Además, durante la conmemoración de hoy, se presentó una carta de Eva Harzer, quien sirvió como guía y consultora para la seguridad de las delegadas tibetanas exiliadas en la conferencia de 1995. En su mensaje, Harjar describió los amplios esfuerzos realizados para garantizar que las mujeres tibetanas en el exilio pudieran participar significativamente en la Conferencia de Mujeres de la ONU. «Con este fin», escribió, «me he puesto en contacto con numerosas organizaciones de mujeres y de derechos humanos para garantizar la representación tibetana en paneles que abordan los derechos reproductivos, la colonización, la ocupación extranjera y las luchas indígenas».

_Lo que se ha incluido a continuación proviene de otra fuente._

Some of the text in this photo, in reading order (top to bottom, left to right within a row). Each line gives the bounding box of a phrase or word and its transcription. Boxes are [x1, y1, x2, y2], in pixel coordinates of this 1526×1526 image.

Herzer también describió la intensa vigilancia y represión impuesta por las autoridades chinas durante la conferencia. «Hemos decidido que cada representante tibetano estará acompañado día y noche por una representante occidental», señaló. «Hemos seleccionado sólo a tibetanos que tengan ciudadanía de otros países para garantizar la protección diplomática en caso de problemas». Destacó cómo estas medidas no sólo protegen a los delegados tibetanos sino que también permiten a los participantes internacionales comprender mejor las dificultades que enfrentan las mujeres tibetanas bajo el dominio chino. «Afortunadamente, muchos grupos, incluida la Comisión Internacional de Derechos Humanos de las Lesbianas, han mostrado su solidaridad dando un paso al frente», añadió. Harzer concluyó que el intercambio de solidaridad fluyó en ambos sentidos, ya que las mujeres tibetanas también estaban junto a mujeres de otras nacionalidades que enfrentaban formas paralelas de discriminación y opresión.

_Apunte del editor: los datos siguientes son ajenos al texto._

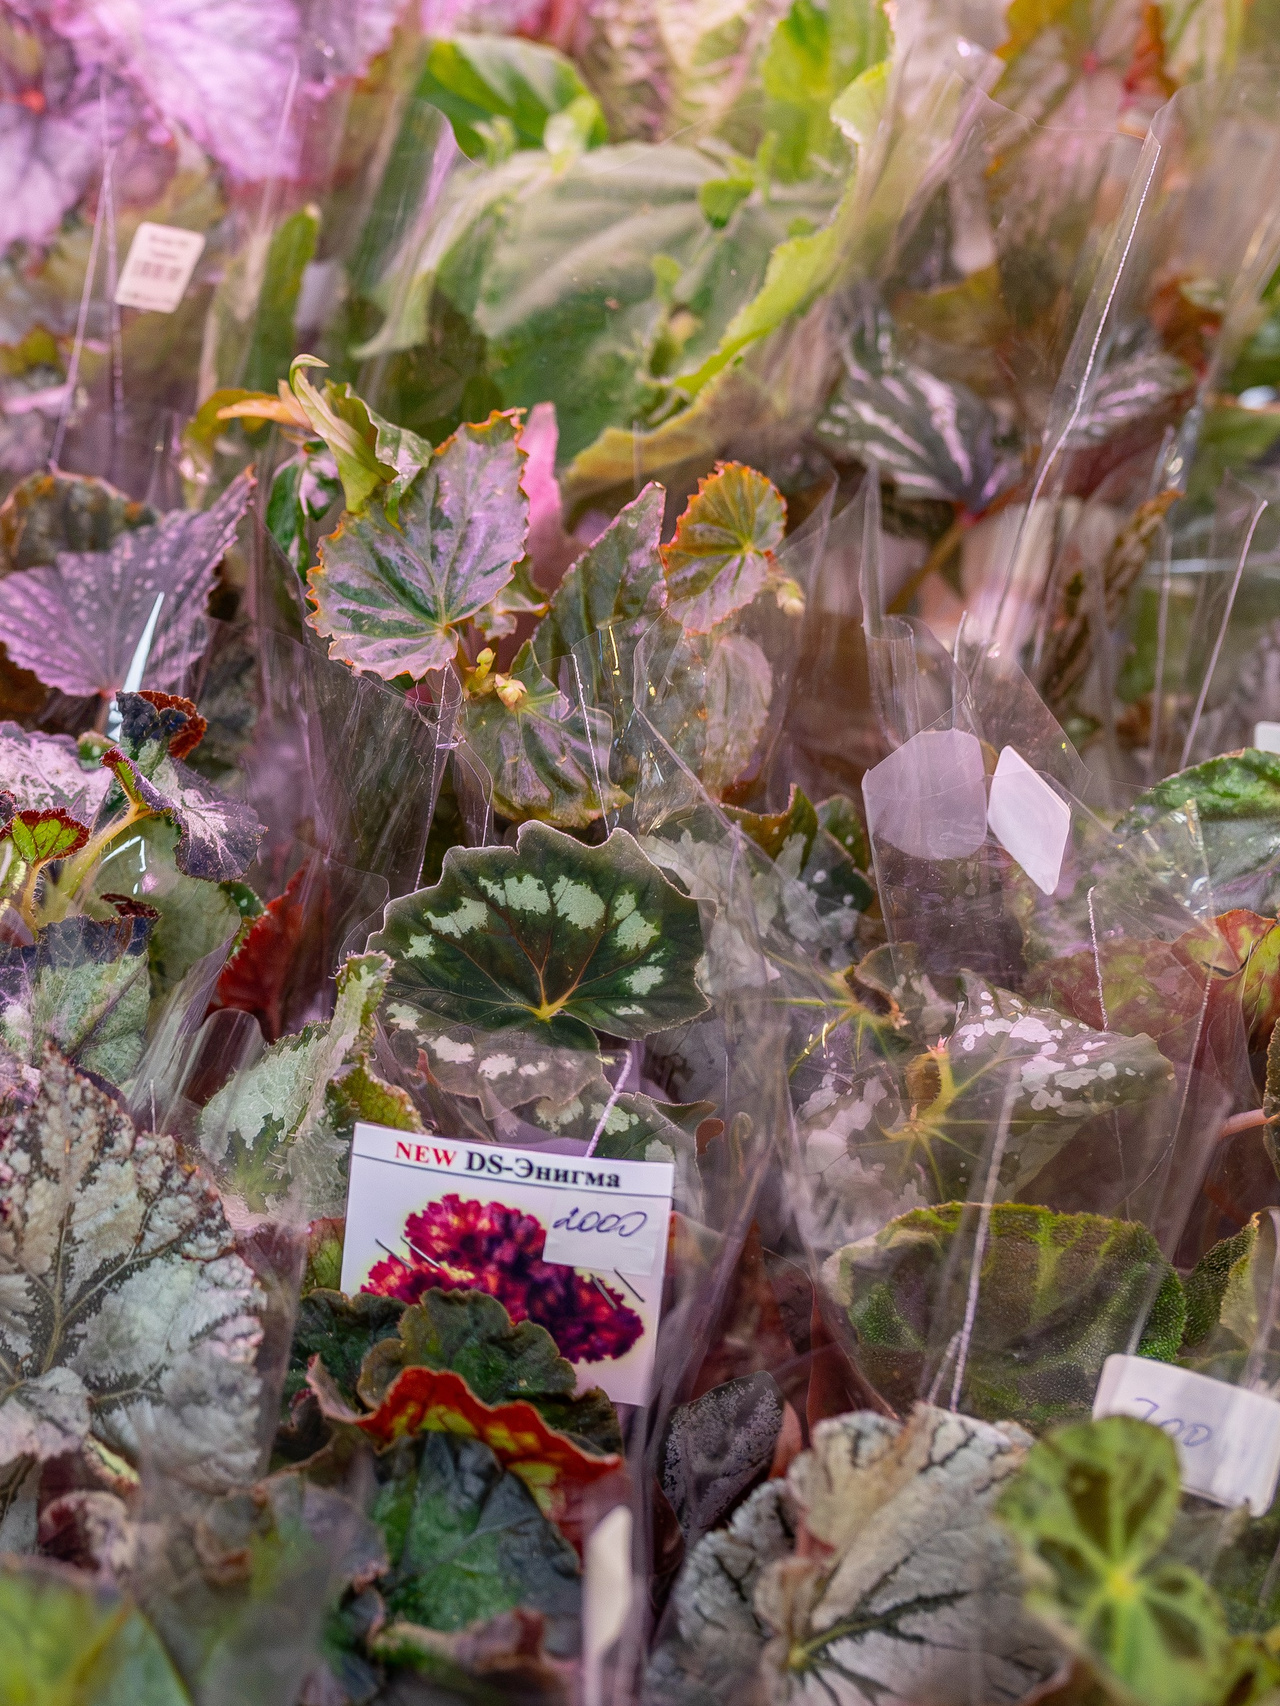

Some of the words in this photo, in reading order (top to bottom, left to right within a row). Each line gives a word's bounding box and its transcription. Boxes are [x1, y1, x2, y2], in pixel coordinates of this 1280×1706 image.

[395, 1141, 457, 1167] NEW
[465, 1150, 621, 1188] DS-Энигма
[552, 1207, 648, 1237] 2000

Reed Brody, un abogado de derechos humanos que acompañó a la delegación de mujeres tibetanas, dijo en un mensaje de vídeo que el grupo estuvo bajo vigilancia constante desde el momento en que llegaron y durante toda la conferencia. «Desde el primer día del foro, la policía estuvo sobre nosotros. Nos siguieron y nos acosaron», dijo Brody.

Brody, que presenció personalmente la «protesta silenciosa», enfatizó que a pesar de las fuertes restricciones y la vigilancia implacable impuesta a las mujeres tibetanas exiliadas, su protesta fue un acto profundamente simbólico, una negativa inequívoca a ser silenciada por un régimen autoritario.

La protesta también atrajo la atención internacional hacia la causa tibetana, obteniendo cobertura de los principales medios de comunicación mundiales. El Correo de Washington, Los New York TimesServicio de funciones para mujeres, Tiempos de la Tierra, mundo viviente, bordeMedios daneses y emisoras como BBC, CNN, TV egipcia, entre otras.